We implemented your recommendations in the paper by highlighting them in yellow and inserting a comment with the code R1-Cn, where R1 represents Reviewer 1 and n is the number of your comment C (from C1 to C14).
Thank you!
Best regards,
The authors
Author Response File:
Author Response.pdf
Reviewer 2 Report
Comments and Suggestions for Authors- The title "Review Pathways to Carbon Neutrality: Innovations in Climate Action and Sustainable Energy" implies a systematic and forward-looking analysis of decarbonization routes. However, the manuscript reads as a bibliometric survey of six renewable-energy domains for 2018-2025 rather than a critical synthesis of actionable pathways. Please explicitly frame the study as a "bibliometric perspective" in both the Introduction and Conclusion, or alternatively supplement the quantitative findings with an integrated, multidimensional (technology–economy–policy–society) pathway exercise that matches the ambition of the title.

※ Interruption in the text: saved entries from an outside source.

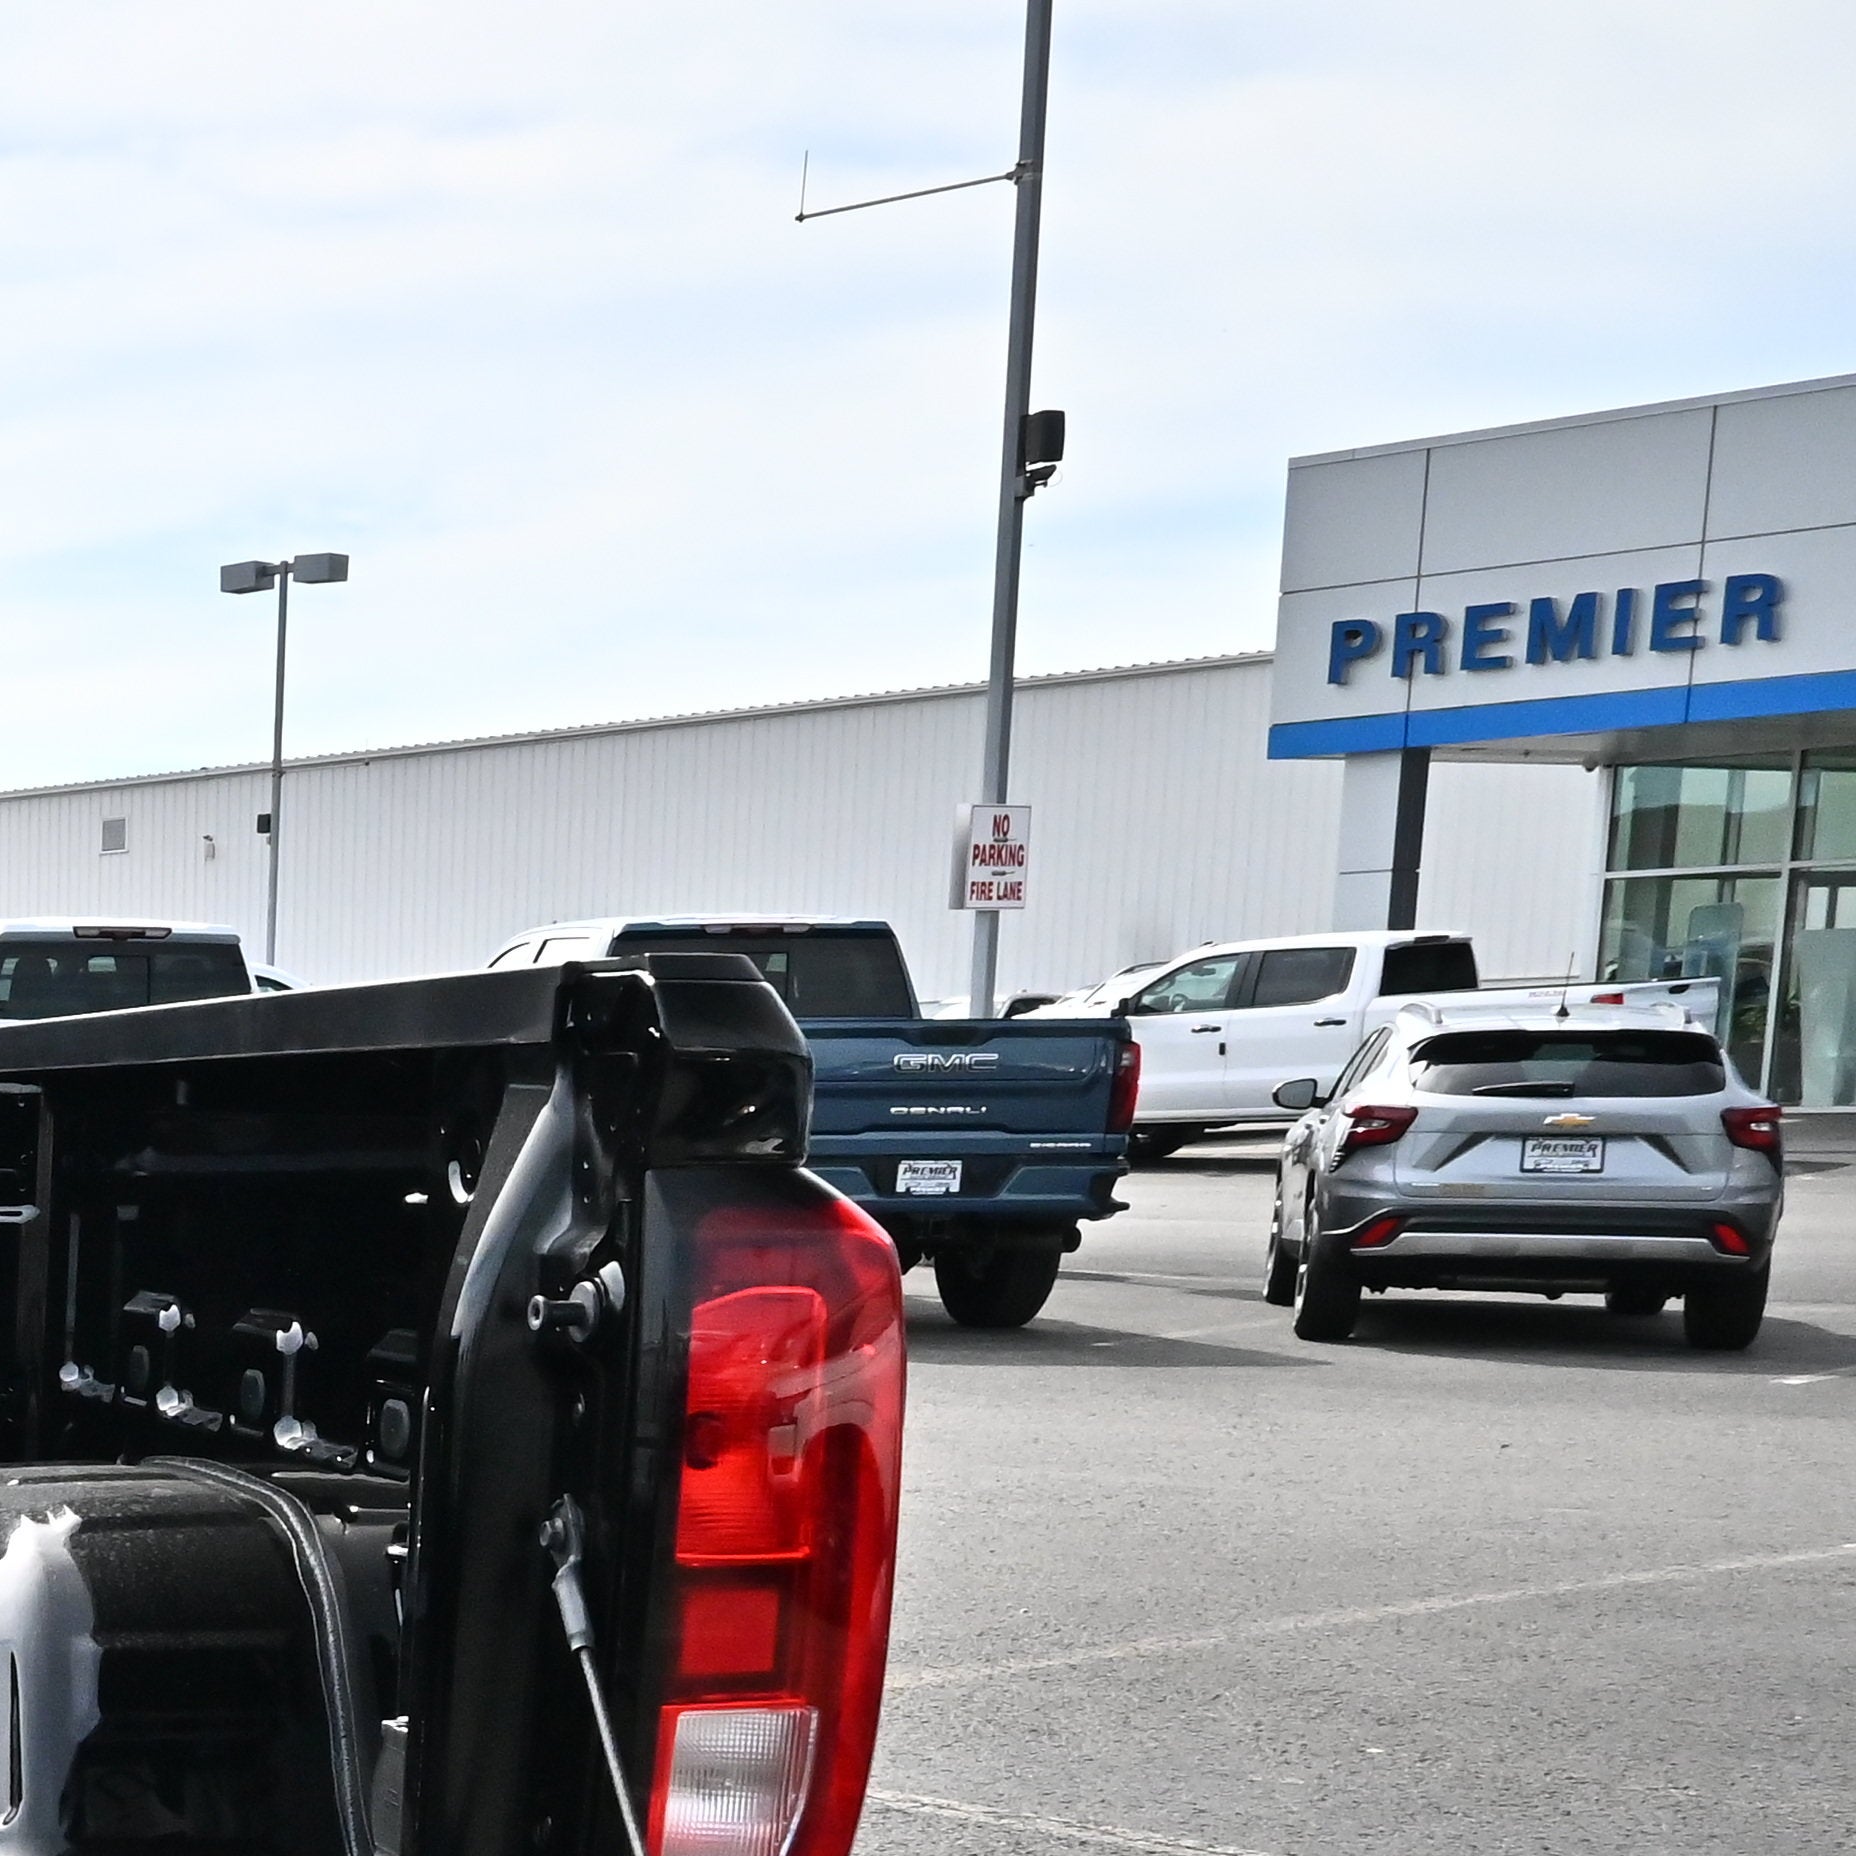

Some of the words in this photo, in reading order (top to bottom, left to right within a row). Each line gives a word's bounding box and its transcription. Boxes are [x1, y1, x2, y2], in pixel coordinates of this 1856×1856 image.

[1327, 572, 1790, 685] PREMIER
[992, 814, 1010, 838] NO
[972, 843, 1025, 867] PARKING
[969, 881, 994, 901] FIRE
[997, 881, 1023, 901] LANE
[893, 1053, 999, 1073] GMC
[890, 1106, 987, 1115] DENALI

- The co-occurrence threshold was arbitrarily fixed at ≥20 occurrences without a sensitivity test; network robustness was not examined (e.g., 100 iterative Louvain runs to yield ARI/NMI), and key topological metrics—network density, average clustering coefficient, and modularity Q—were not reported, preventing assessment of partition reliability. We recommend adding sensitivity panels that compare network indices at thresholds of 10, 20, and 30 occurrences, and conducting built-in randomisation tests in Gephi or VOSviewer to report the modularity Q and its associated z-score.
- Sections 2.1–2.5 largely consist of sequential literature summaries without comparative assessment, performance benchmarking, or gap identification. Each subsection should close with a concise synthesis that highlights: (i) key scientific challenges, (ii) environmental/economic constraints, and (iii) future research priorities. Example: "Current bioenergy routes are limited by feedstock-food competition and uncertain life-cycle carbon balances; future work should prioritize waste-based feedstocks and integration with carbon capture."
- The manuscript is almost entirely narrative. To enhance data-driven readability, please incorporate: (a) trend graphs of efficiency gains and cost reductions by technology, (b) stacked-area or pie charts of global energy shares.
- The Conclusion presently restates earlier sections without offering novel insights or policy guidance. Please strengthen the final section by: (i) proposing a unifying framework for renewable-energy synergies (hybrid systems, regional energy planning), (ii) discussing carbon-neutrality policy instruments (carbon pricing, ETS), and (iii) outlining forward-looking research avenues (AI-optimized energy systems, negative-emission technologies).
Author Response
Dear Reviewer 2,
Thank you very much for your improving recommendations!
We implemented your recommendations in the paper by highlighting them in green and inserting a comment with the code R2-Cn, where R2 represents Reviewer 2 and n is the number of your comment C (from C1 to C5).
Thank you!
Best regards,
The authors
Author Response File:
Author Response.pdf
Round 2
Reviewer 1 Report
Comments and Suggestions for AuthorsDear authors, I have reviewed the revised version and confirm its accuracy.
I have no additional comments. I wish the author success in future research.
Reviewer 2 Report
Comments and Suggestions for Authorsaccept.